Revelation of Grace

Katy Flanigan
Tinder for the Fire
3 min readNov 7, 2014

It’s been a long time since I’ve set my fingers to these keys

But there’s something inside of me longing to be set free

My thoughts are burning me up inside

And I’m afraid if I don’t let them out, there won’t be much left to see

For so long I struggled and I fought

To be good enough to earn the things You had already bought

I thought, “Surely there is something I must do!”
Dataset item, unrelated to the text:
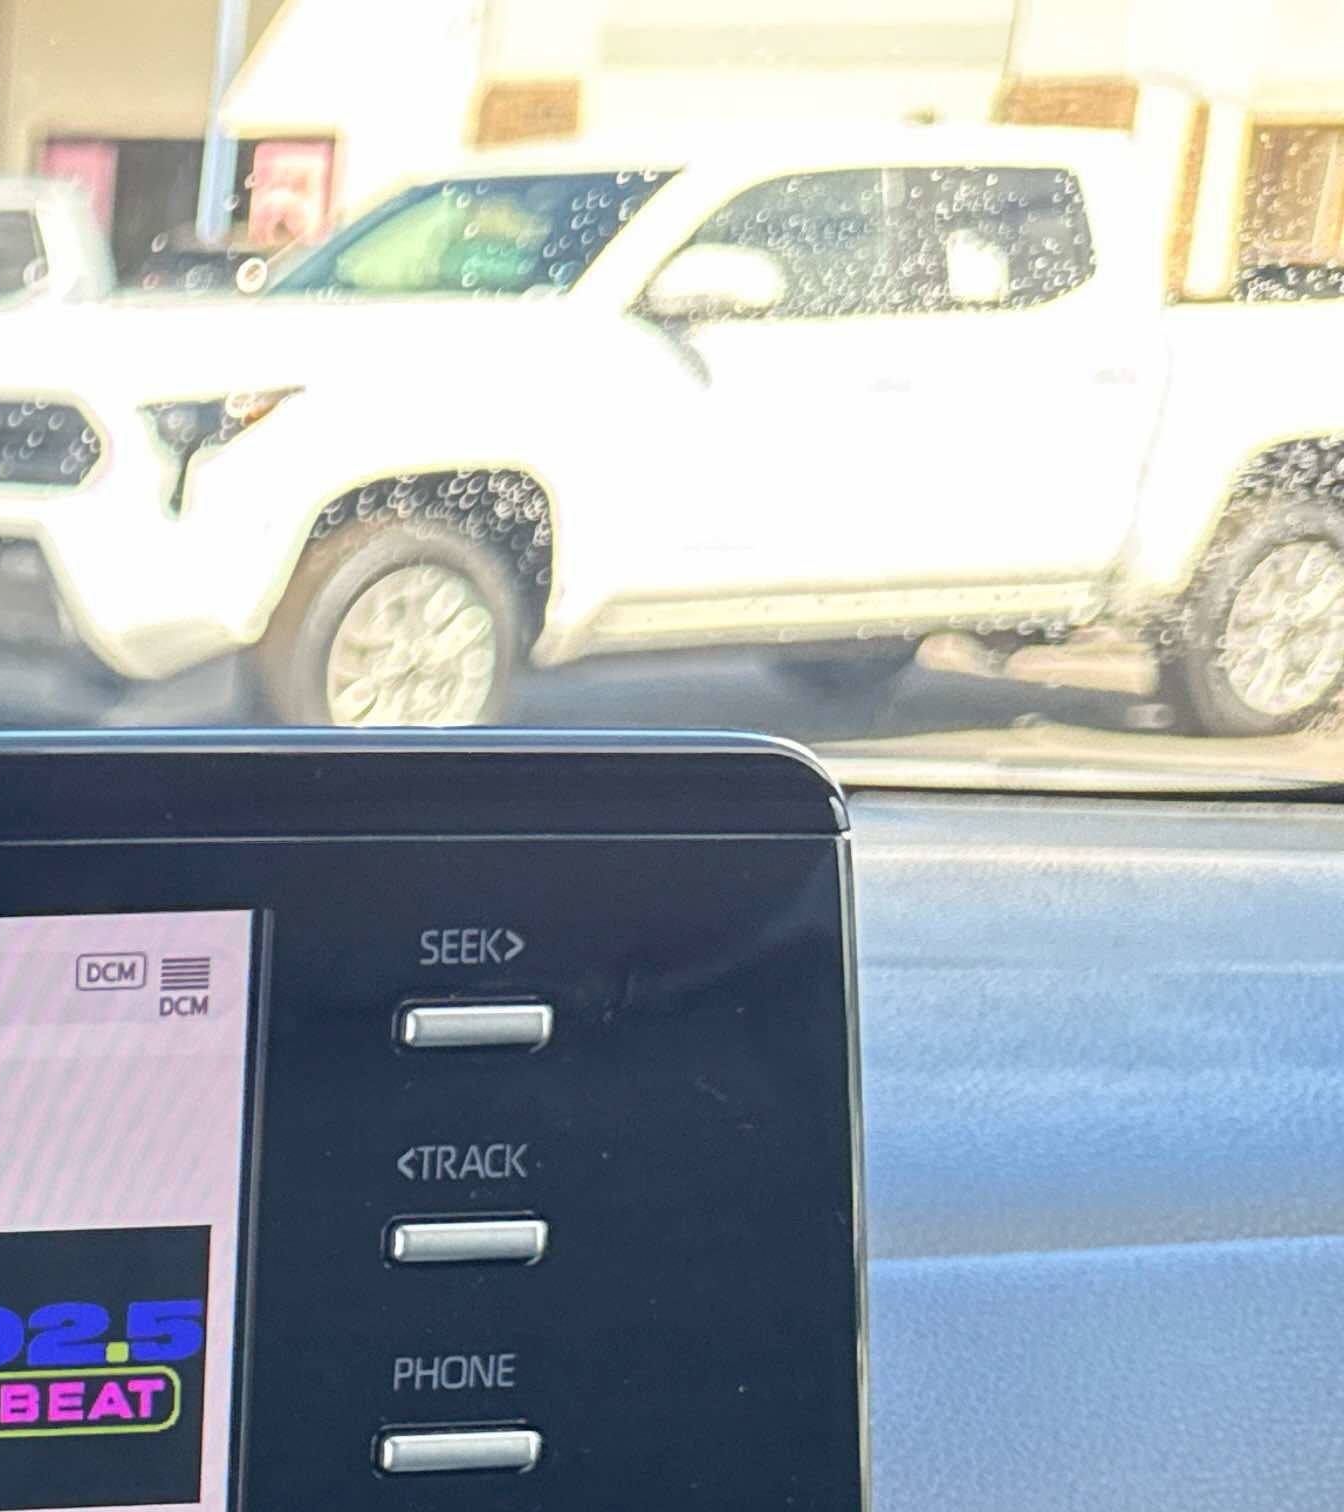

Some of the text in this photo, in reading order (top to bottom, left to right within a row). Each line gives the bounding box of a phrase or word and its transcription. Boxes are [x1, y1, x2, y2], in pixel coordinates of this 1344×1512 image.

[86, 961, 137, 983] DCM
[158, 996, 210, 1018] DCM
[392, 1353, 518, 1392] PHONE
[0, 1378, 166, 1424] BEAT
But You weren’t hiding the glorious things for which my heart sought

All along You waited for me to open my eyes -

You were so anxious to reveal Your surprise!

Yet blindly I stood and I strove and I prayed

And I was surprised when You seemed to delay

The things I so longed for and thought were missing in me

Had actually already been given and placed inside of me

All along You had been whispering,

“You’ve been adopted and you’ve been redeemed”
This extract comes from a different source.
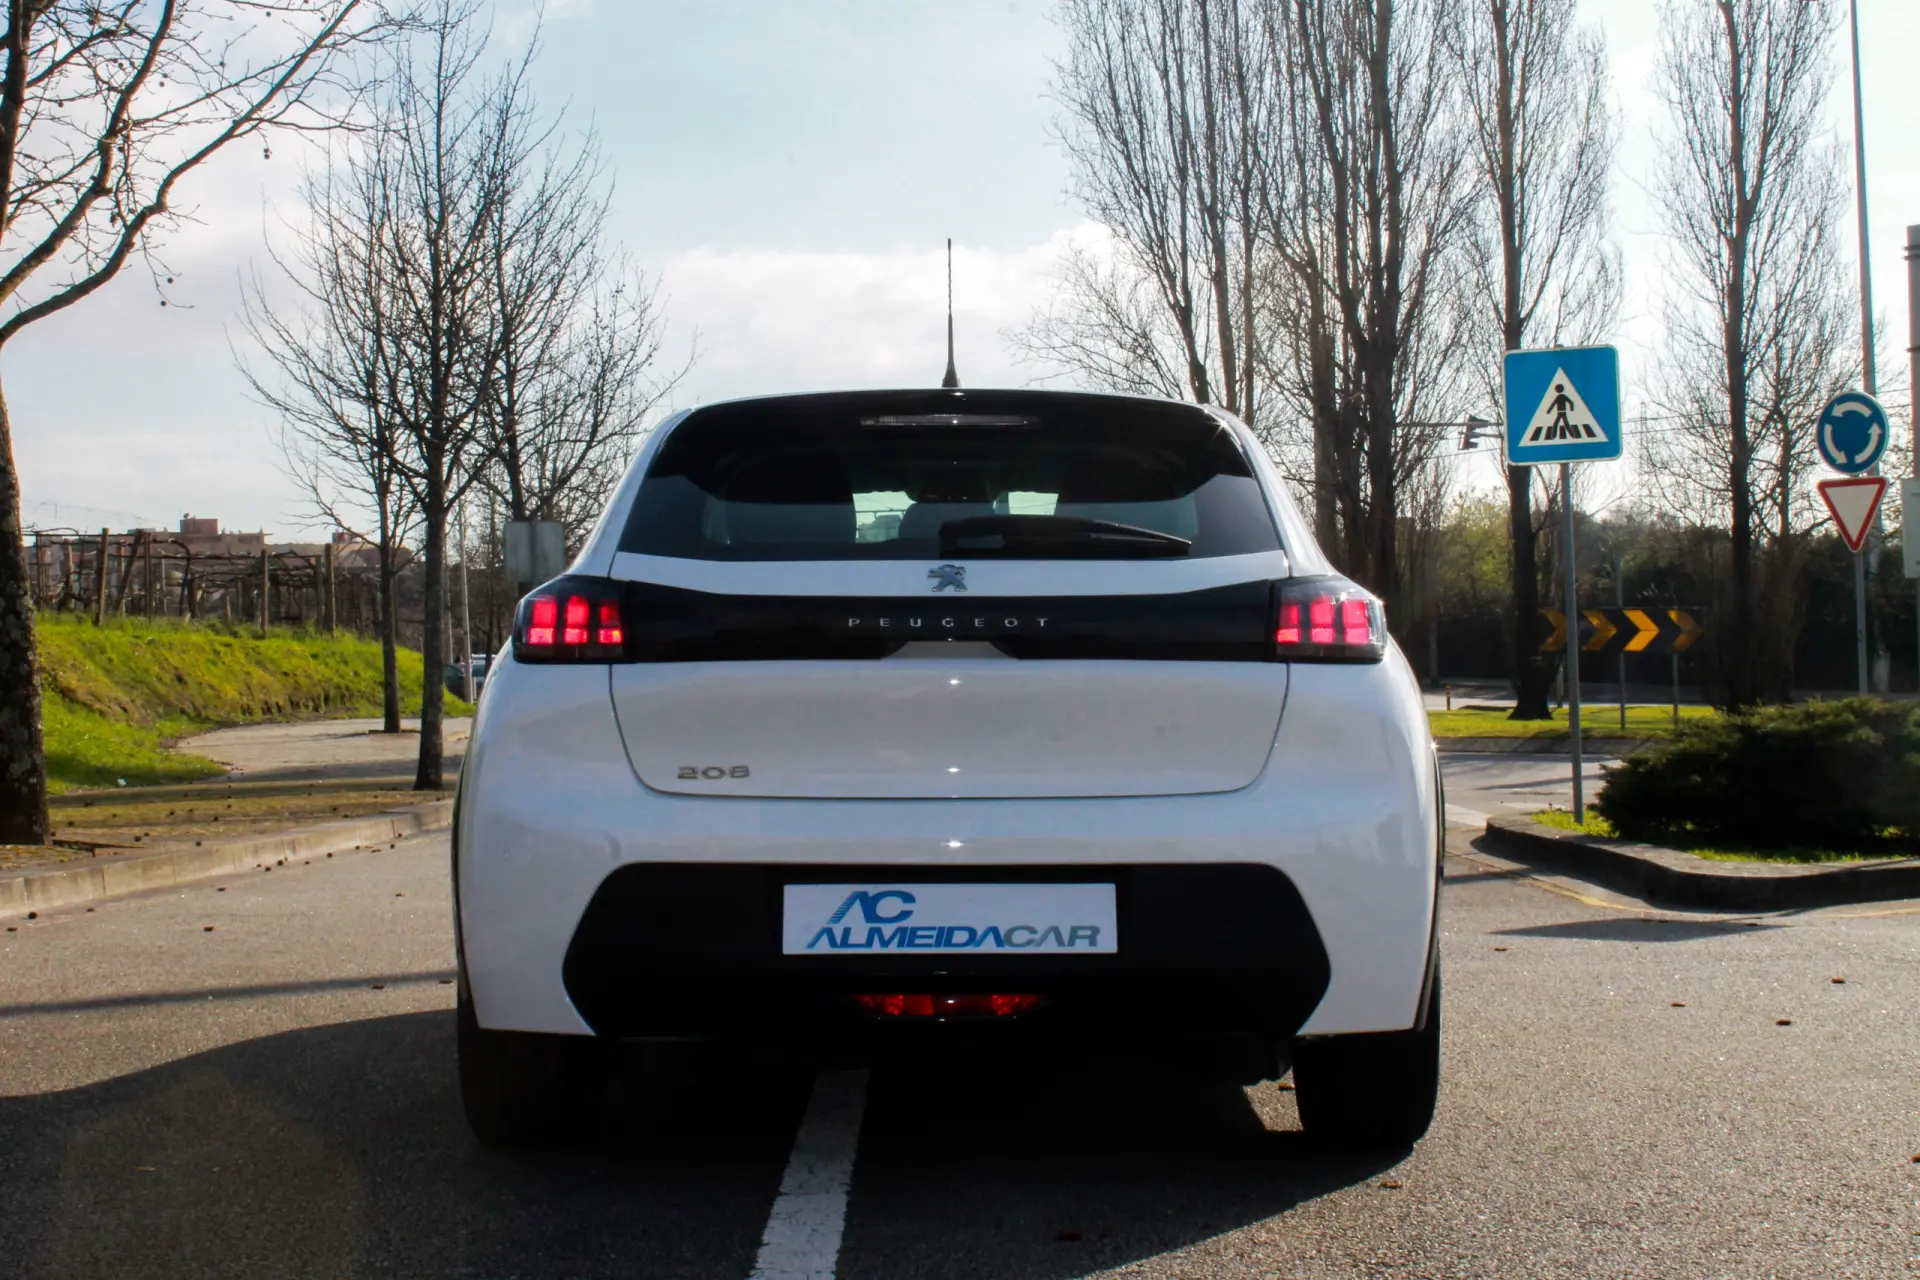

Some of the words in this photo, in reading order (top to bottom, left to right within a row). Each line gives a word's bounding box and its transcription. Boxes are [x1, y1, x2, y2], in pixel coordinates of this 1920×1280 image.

No longer am I lacking or in need of anything;

You promise to withhold no good thing

No longer am I a beggar at Your feet

For I have the fullness of Christ dwelling in the very core of me

With You, Jesus, there is an abundance of life and joy and peace

I never have to worry and all my striving can cease

For in Your Presence, God, I don’t have to be afraid

My Papa is my strength — He is the One who calms the stormy seas

You came to this earth to set the captive ones free

And to break the chains once binding me

You gave me Your Spirit to renew my mind,

To rise above my anxious thoughts and the negativity that blinds

My boldness increases as I rest in Your embrace

The song You sing over me drowns out the voice of the enemy I must face

The longer I stay in Your presence, the more I can believe the Truth

About how much You love me and long to lavish me with Your grace

You hold out Your hand, and I take it in mine

Together we journey along the pathway divine

You invite me to join you in something immeasurably more beautiful than I could dream,

And all I must do is partake of the Body and Blood — the bread and the wine

You’re the God of the universe, yet You don’t ask of me much,

just to be loved, to love, and to know Your gentle touch

My heart can hardly contain its joyful response —

To help others encounter this Jesus who freed me from satan’s clutch

I guess when You said, “The victory is won!”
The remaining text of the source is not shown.